### EXERCISE
From start to end, write out the following data exactly, apart from its images.

Source data:
════════════════════
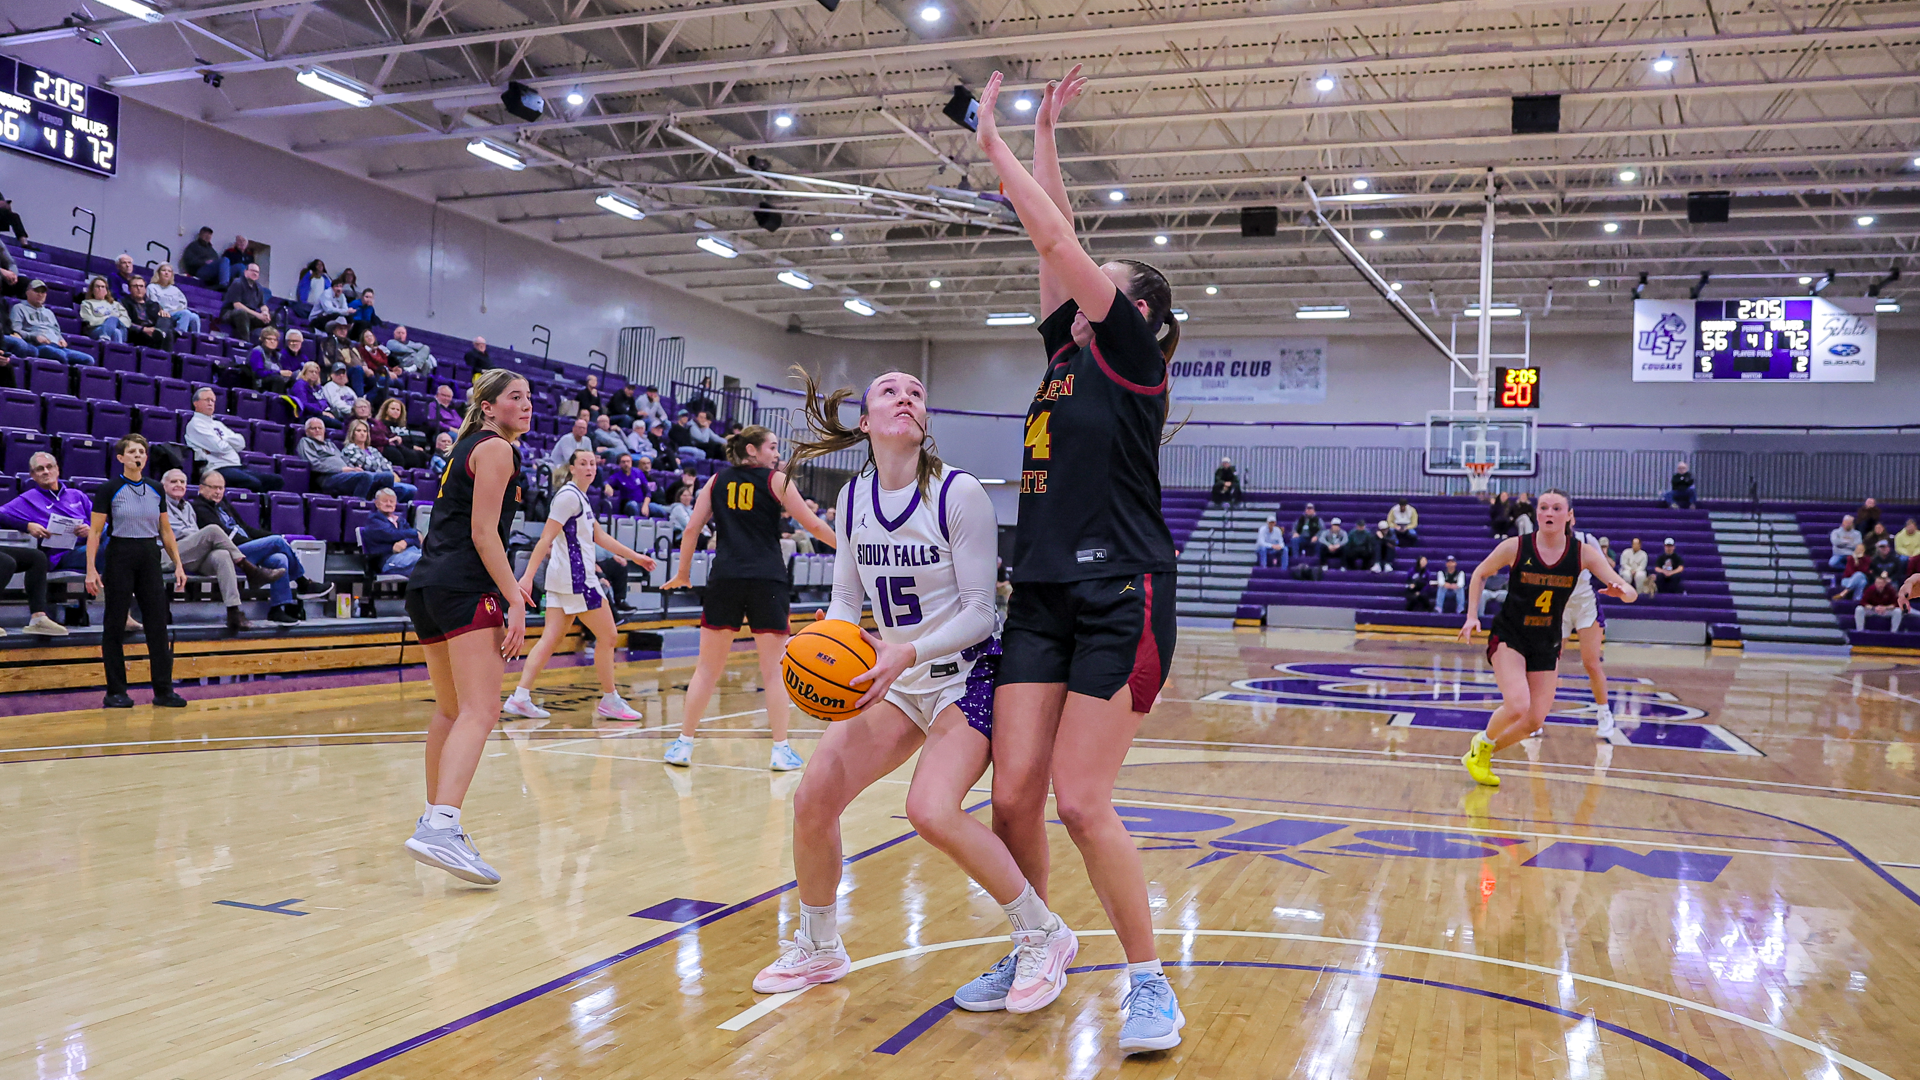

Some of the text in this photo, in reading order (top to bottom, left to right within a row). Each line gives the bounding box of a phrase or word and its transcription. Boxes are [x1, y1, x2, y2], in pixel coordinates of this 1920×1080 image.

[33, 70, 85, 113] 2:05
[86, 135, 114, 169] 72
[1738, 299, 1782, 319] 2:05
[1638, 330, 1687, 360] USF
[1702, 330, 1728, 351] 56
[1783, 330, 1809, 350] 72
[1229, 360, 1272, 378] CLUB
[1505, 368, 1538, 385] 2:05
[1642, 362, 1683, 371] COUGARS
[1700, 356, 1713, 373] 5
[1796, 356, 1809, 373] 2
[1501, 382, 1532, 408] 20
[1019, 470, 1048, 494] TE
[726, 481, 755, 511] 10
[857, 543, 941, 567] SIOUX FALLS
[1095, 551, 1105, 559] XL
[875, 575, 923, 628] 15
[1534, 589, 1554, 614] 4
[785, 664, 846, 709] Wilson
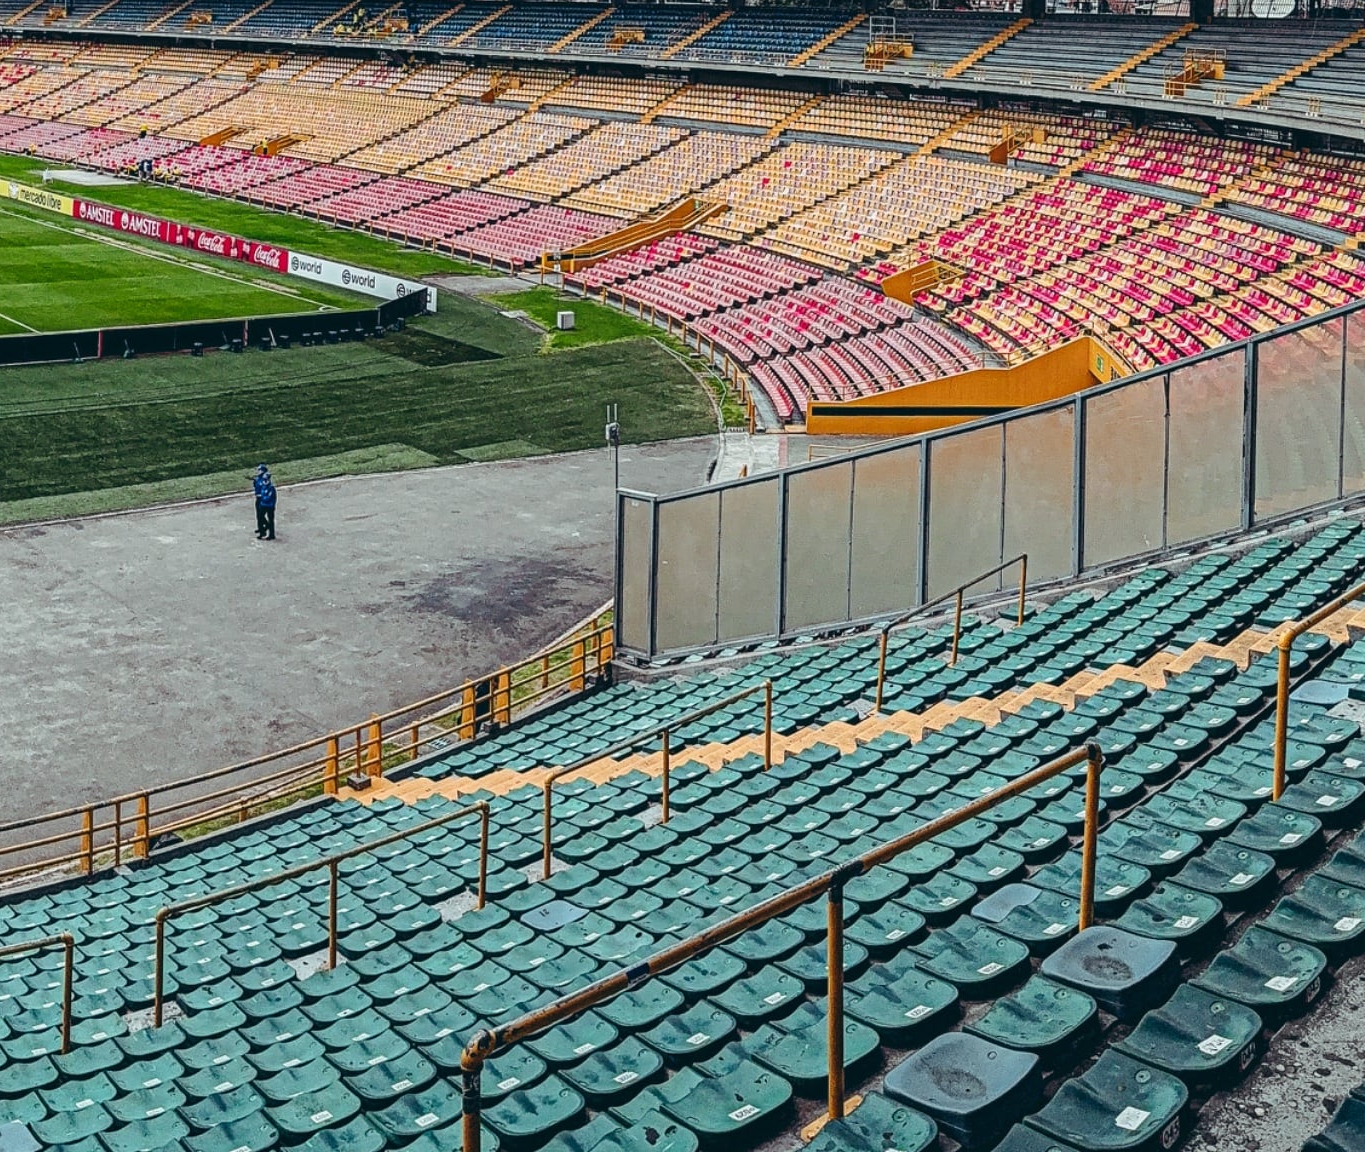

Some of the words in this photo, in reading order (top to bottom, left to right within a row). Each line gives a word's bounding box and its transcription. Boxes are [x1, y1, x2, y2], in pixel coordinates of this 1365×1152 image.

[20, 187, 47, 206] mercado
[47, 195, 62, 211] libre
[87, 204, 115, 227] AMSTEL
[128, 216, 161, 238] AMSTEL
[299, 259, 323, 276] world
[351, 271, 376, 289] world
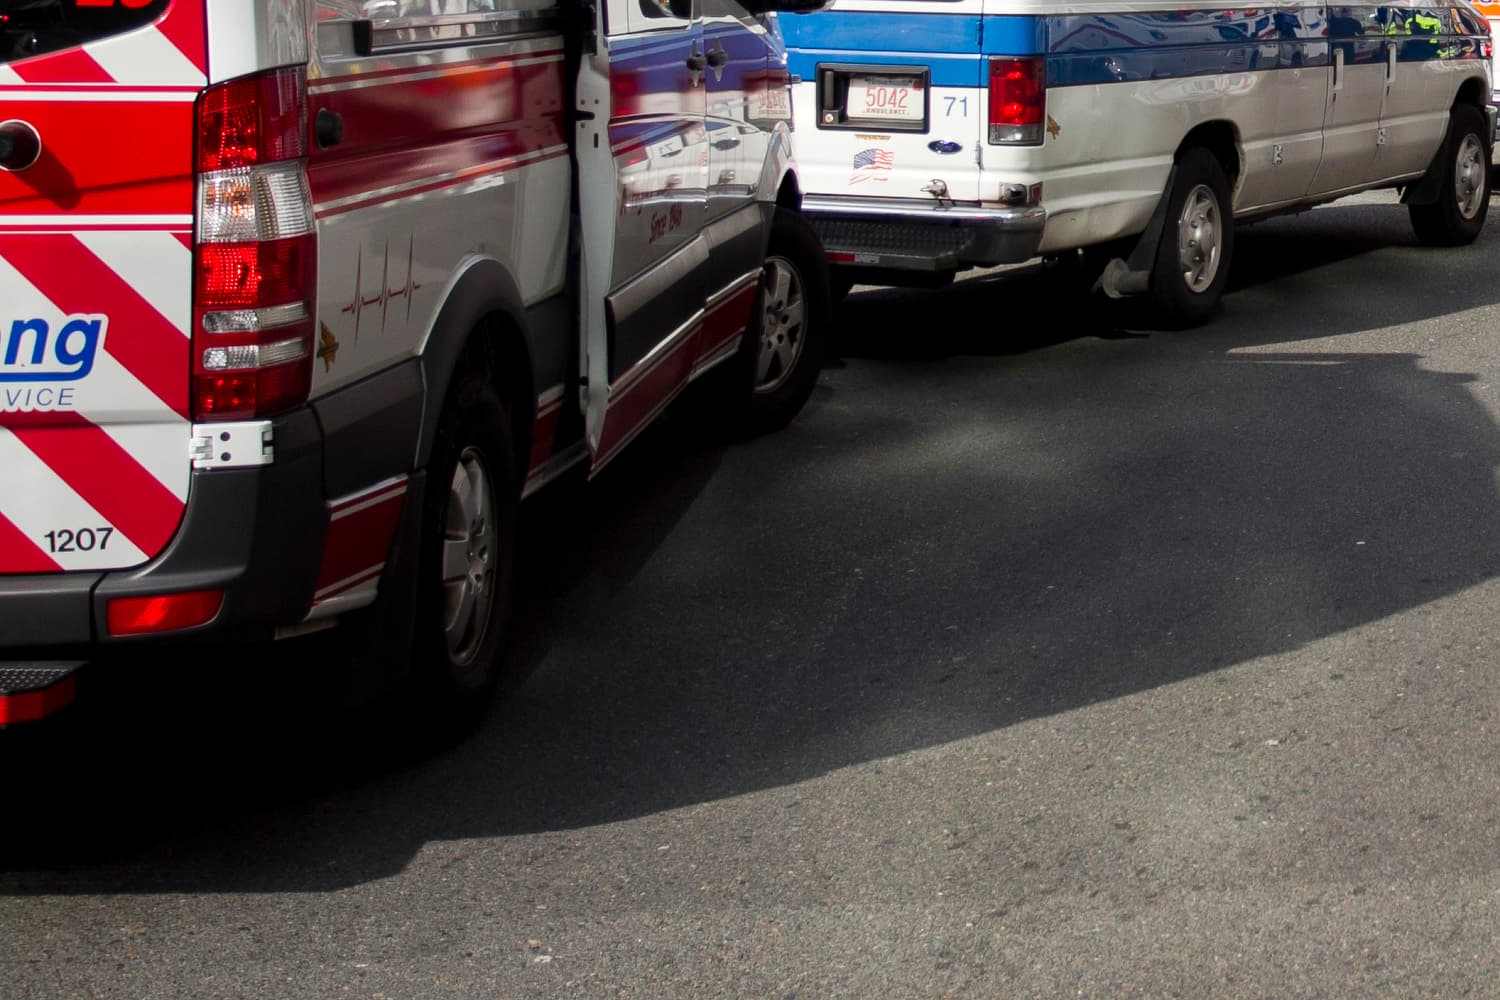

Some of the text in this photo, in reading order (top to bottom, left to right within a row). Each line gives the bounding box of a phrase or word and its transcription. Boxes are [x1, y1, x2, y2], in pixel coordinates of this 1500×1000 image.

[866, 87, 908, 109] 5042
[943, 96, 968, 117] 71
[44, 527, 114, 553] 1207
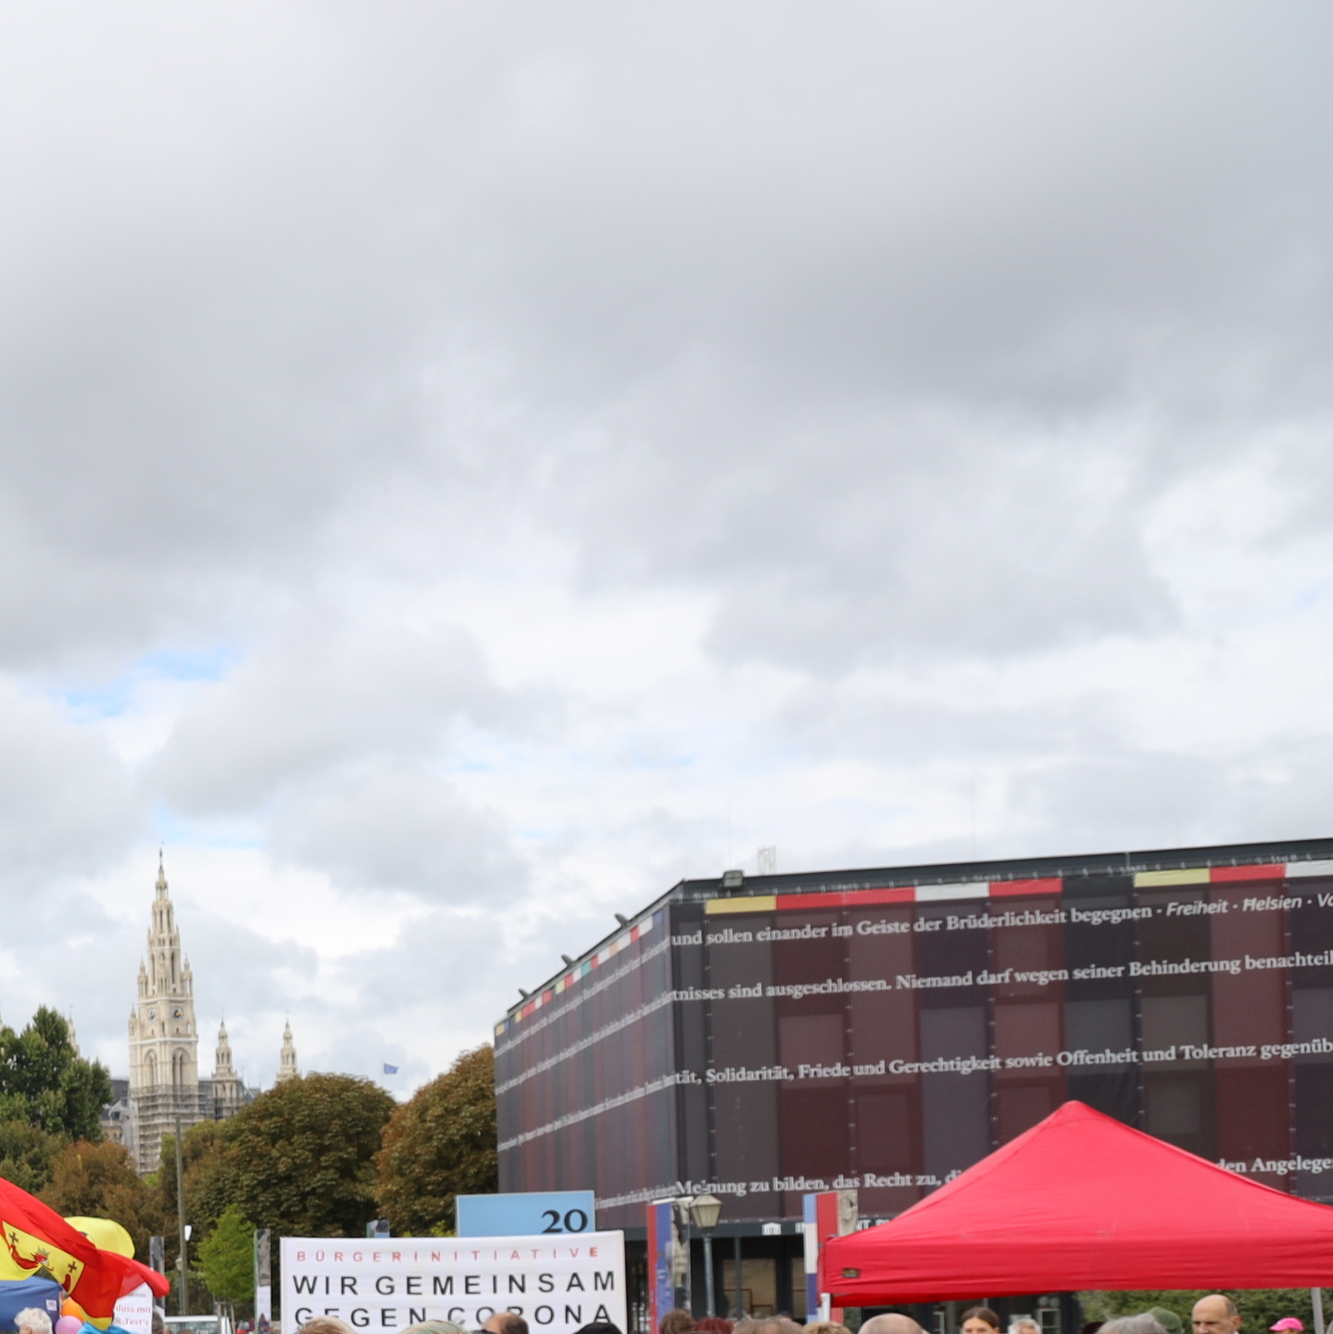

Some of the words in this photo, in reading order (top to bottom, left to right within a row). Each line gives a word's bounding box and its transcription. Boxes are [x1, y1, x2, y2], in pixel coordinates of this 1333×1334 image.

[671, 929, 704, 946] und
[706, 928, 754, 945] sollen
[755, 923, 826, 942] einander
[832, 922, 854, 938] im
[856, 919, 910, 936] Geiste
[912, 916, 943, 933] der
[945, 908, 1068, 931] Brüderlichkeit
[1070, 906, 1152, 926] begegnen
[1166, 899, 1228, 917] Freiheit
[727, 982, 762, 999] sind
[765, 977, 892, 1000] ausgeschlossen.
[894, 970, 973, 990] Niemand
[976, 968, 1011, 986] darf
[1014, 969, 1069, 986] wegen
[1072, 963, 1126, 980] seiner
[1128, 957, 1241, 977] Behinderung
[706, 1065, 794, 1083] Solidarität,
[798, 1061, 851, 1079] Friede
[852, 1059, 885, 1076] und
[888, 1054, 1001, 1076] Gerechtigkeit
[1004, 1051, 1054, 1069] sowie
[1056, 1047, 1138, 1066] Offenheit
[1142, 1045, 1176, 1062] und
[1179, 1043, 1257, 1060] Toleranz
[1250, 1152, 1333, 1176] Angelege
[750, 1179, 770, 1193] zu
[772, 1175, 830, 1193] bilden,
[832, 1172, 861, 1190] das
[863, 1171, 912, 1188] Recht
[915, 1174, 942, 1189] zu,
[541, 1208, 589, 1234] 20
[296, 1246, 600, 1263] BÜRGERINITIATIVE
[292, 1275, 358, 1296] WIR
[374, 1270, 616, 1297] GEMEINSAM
════════════════════
### ANSWER TO THIS EXERCISE
Some of the text in this photo, in reading order (top to bottom, left to right within a row). Each line gives the bounding box of a phrase or word and its transcription. Boxes are [x1, y1, x2, y2], in pixel coordinates of this 1920×1080 image.

[33, 70, 85, 113] 2:05
[86, 135, 114, 169] 72
[1738, 299, 1782, 319] 2:05
[1638, 330, 1687, 360] USF
[1702, 330, 1728, 351] 56
[1783, 330, 1809, 350] 72
[1229, 360, 1272, 378] CLUB
[1505, 368, 1538, 385] 2:05
[1642, 362, 1683, 371] COUGARS
[1700, 356, 1713, 373] 5
[1796, 356, 1809, 373] 2
[1501, 382, 1532, 408] 20
[1019, 470, 1048, 494] TE
[726, 481, 755, 511] 10
[857, 543, 941, 567] SIOUX FALLS
[1095, 551, 1105, 559] XL
[875, 575, 923, 628] 15
[1534, 589, 1554, 614] 4
[785, 664, 846, 709] Wilson

Some of the words in this photo, in reading order (top to bottom, left to right within a row). Each line gives a word's bounding box and its transcription. Boxes are [x1, y1, x2, y2], in pixel coordinates of this 1365×1152 image.

[20, 187, 47, 206] mercado
[47, 195, 62, 211] libre
[87, 204, 115, 227] AMSTEL
[128, 216, 161, 238] AMSTEL
[299, 259, 323, 276] world
[351, 271, 376, 289] world

Some of the text in this photo, in reading order (top to bottom, left to right within a row). Each line gives the bounding box of a phrase or word and its transcription. Boxes are [x1, y1, x2, y2], in pixel coordinates of this 1500×1000 image.

[866, 87, 908, 109] 5042
[943, 96, 968, 117] 71
[44, 527, 114, 553] 1207

Some of the words in this photo, in reading order (top to bottom, left to right within a row). Each line gives a word's bounding box and its transcription. Boxes are [x1, y1, x2, y2], in pixel coordinates of this 1333×1334 image.

[671, 929, 704, 946] und
[706, 928, 754, 945] sollen
[755, 923, 826, 942] einander
[832, 922, 854, 938] im
[856, 919, 910, 936] Geiste
[912, 916, 943, 933] der
[945, 908, 1068, 931] Brüderlichkeit
[1070, 906, 1152, 926] begegnen
[1166, 899, 1228, 917] Freiheit
[727, 982, 762, 999] sind
[765, 977, 892, 1000] ausgeschlossen.
[894, 970, 973, 990] Niemand
[976, 968, 1011, 986] darf
[1014, 969, 1069, 986] wegen
[1072, 963, 1126, 980] seiner
[1128, 957, 1241, 977] Behinderung
[706, 1065, 794, 1083] Solidarität,
[798, 1061, 851, 1079] Friede
[852, 1059, 885, 1076] und
[888, 1054, 1001, 1076] Gerechtigkeit
[1004, 1051, 1054, 1069] sowie
[1056, 1047, 1138, 1066] Offenheit
[1142, 1045, 1176, 1062] und
[1179, 1043, 1257, 1060] Toleranz
[1250, 1152, 1333, 1176] Angelege
[750, 1179, 770, 1193] zu
[772, 1175, 830, 1193] bilden,
[832, 1172, 861, 1190] das
[863, 1171, 912, 1188] Recht
[915, 1174, 942, 1189] zu,
[541, 1208, 589, 1234] 20
[296, 1246, 600, 1263] BÜRGERINITIATIVE
[292, 1275, 358, 1296] WIR
[374, 1270, 616, 1297] GEMEINSAM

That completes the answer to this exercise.